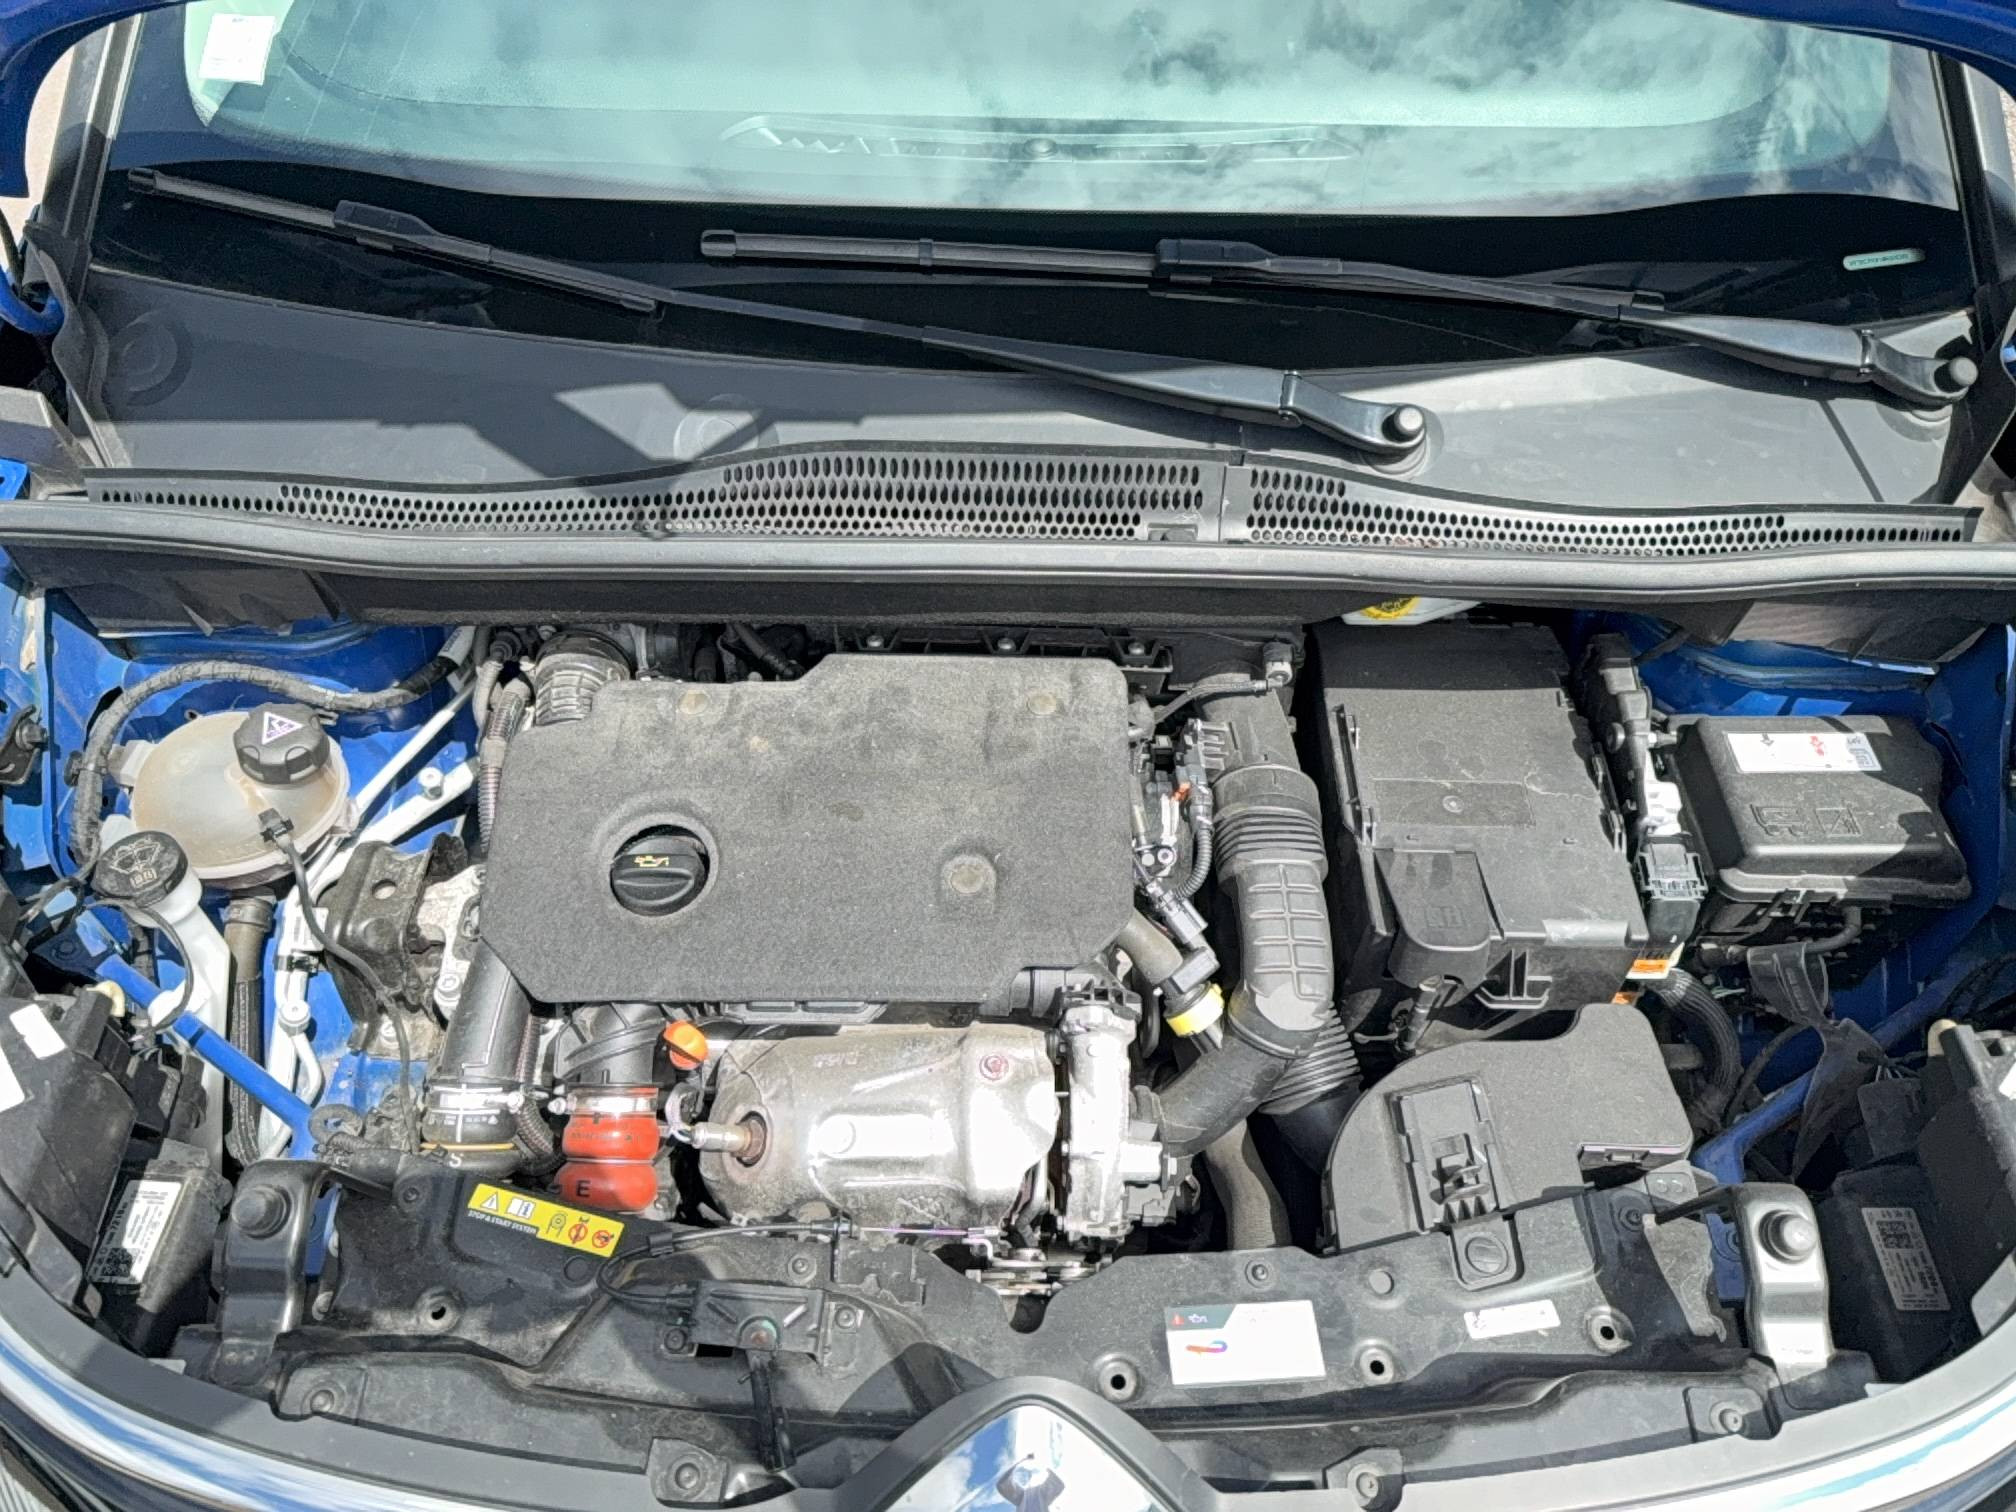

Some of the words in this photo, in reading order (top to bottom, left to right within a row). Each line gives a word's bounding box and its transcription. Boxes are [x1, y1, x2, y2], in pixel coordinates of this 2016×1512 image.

[577, 1180, 591, 1197] E
[468, 1210, 486, 1221] STOP
[491, 1216, 511, 1228] START
[512, 1222, 537, 1235] SYSTEM
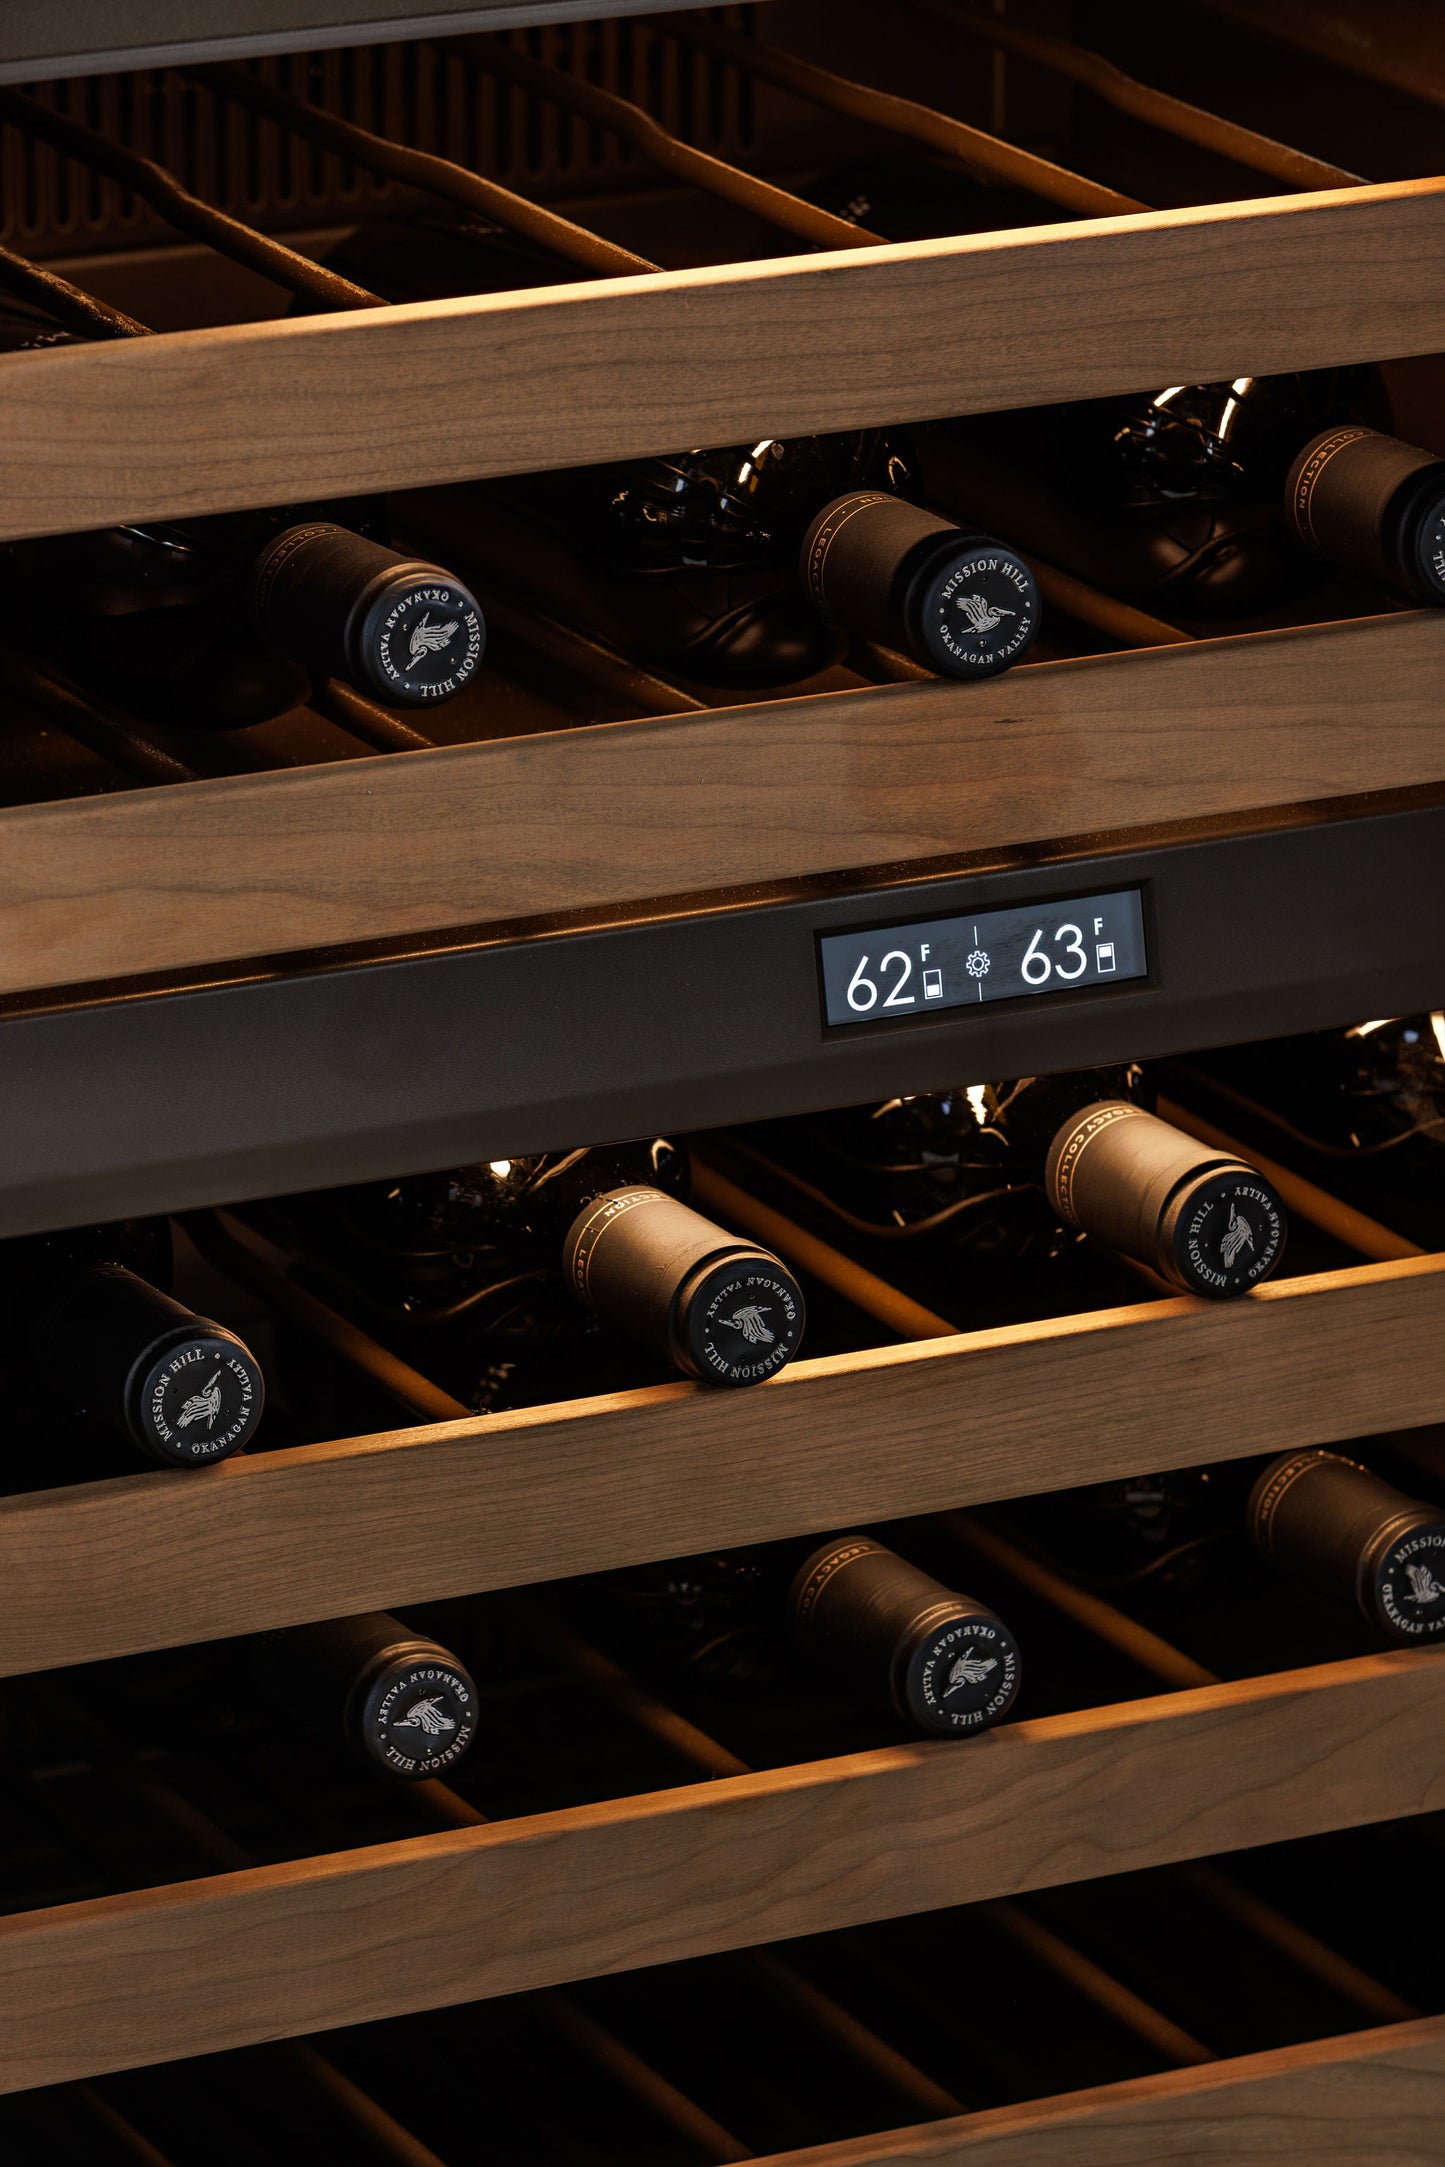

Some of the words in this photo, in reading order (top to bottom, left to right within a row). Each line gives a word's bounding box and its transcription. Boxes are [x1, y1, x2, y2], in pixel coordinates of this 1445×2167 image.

[941, 559, 998, 599] MISSION
[1001, 562, 1030, 593] HILL
[385, 589, 450, 629] OKANAGAN
[380, 632, 400, 680] VALLEY
[455, 611, 481, 681] MISSION
[940, 624, 994, 664] OKANAGAN
[997, 617, 1031, 658] VALLEY
[420, 678, 456, 697] HILL
[1021, 923, 1087, 985] 63
[1093, 917, 1104, 935] F
[846, 950, 915, 1012] 62
[920, 943, 931, 962] F
[1189, 1201, 1214, 1234] HILL
[1234, 1187, 1272, 1211] VALLEY
[1188, 1240, 1227, 1287] MISSION
[1248, 1212, 1280, 1278] OKANAGAN
[707, 1281, 742, 1318] VALLEY
[746, 1277, 796, 1319] OKANAGAN
[704, 1342, 729, 1374] HILL
[730, 1343, 789, 1379] MISSION
[152, 1373, 173, 1441] MISSION
[169, 1348, 205, 1374] HILL
[192, 1406, 251, 1454] OKANAGAN
[226, 1358, 252, 1402] VALLEY
[933, 1625, 996, 1656] OKANAGAN
[378, 1681, 407, 1724] VALLEY
[410, 1669, 469, 1702] OKANAGAN
[923, 1660, 937, 1705] VALLEY
[986, 1652, 1016, 1715] MISSION
[951, 1710, 983, 1726] HILL
[386, 1746, 416, 1771] HILL
[419, 1725, 471, 1771] MISSION
__________
§ TASK:
Reproduce the lines above letter for letter. The pictures stay behind.

§ WRITTEN SOLUTION:
Some of the words in this photo, in reading order (top to bottom, left to right within a row). Each line gives a word's bounding box and its transcription. Boxes are [x1, y1, x2, y2], in pixel coordinates of this 2016×1512 image.

[577, 1180, 591, 1197] E
[468, 1210, 486, 1221] STOP
[491, 1216, 511, 1228] START
[512, 1222, 537, 1235] SYSTEM

Some of the words in this photo, in reading order (top to bottom, left to right within a row). Each line gives a word's bounding box and its transcription. Boxes are [x1, y1, x2, y2], in pixel coordinates of this 1445×2167 image.

[941, 559, 998, 599] MISSION
[1001, 562, 1030, 593] HILL
[385, 589, 450, 629] OKANAGAN
[380, 632, 400, 680] VALLEY
[455, 611, 481, 681] MISSION
[940, 624, 994, 664] OKANAGAN
[997, 617, 1031, 658] VALLEY
[420, 678, 456, 697] HILL
[1021, 923, 1087, 985] 63
[1093, 917, 1104, 935] F
[846, 950, 915, 1012] 62
[920, 943, 931, 962] F
[1189, 1201, 1214, 1234] HILL
[1234, 1187, 1272, 1211] VALLEY
[1188, 1240, 1227, 1287] MISSION
[1248, 1212, 1280, 1278] OKANAGAN
[707, 1281, 742, 1318] VALLEY
[746, 1277, 796, 1319] OKANAGAN
[704, 1342, 729, 1374] HILL
[730, 1343, 789, 1379] MISSION
[152, 1373, 173, 1441] MISSION
[169, 1348, 205, 1374] HILL
[192, 1406, 251, 1454] OKANAGAN
[226, 1358, 252, 1402] VALLEY
[933, 1625, 996, 1656] OKANAGAN
[378, 1681, 407, 1724] VALLEY
[410, 1669, 469, 1702] OKANAGAN
[923, 1660, 937, 1705] VALLEY
[986, 1652, 1016, 1715] MISSION
[951, 1710, 983, 1726] HILL
[386, 1746, 416, 1771] HILL
[419, 1725, 471, 1771] MISSION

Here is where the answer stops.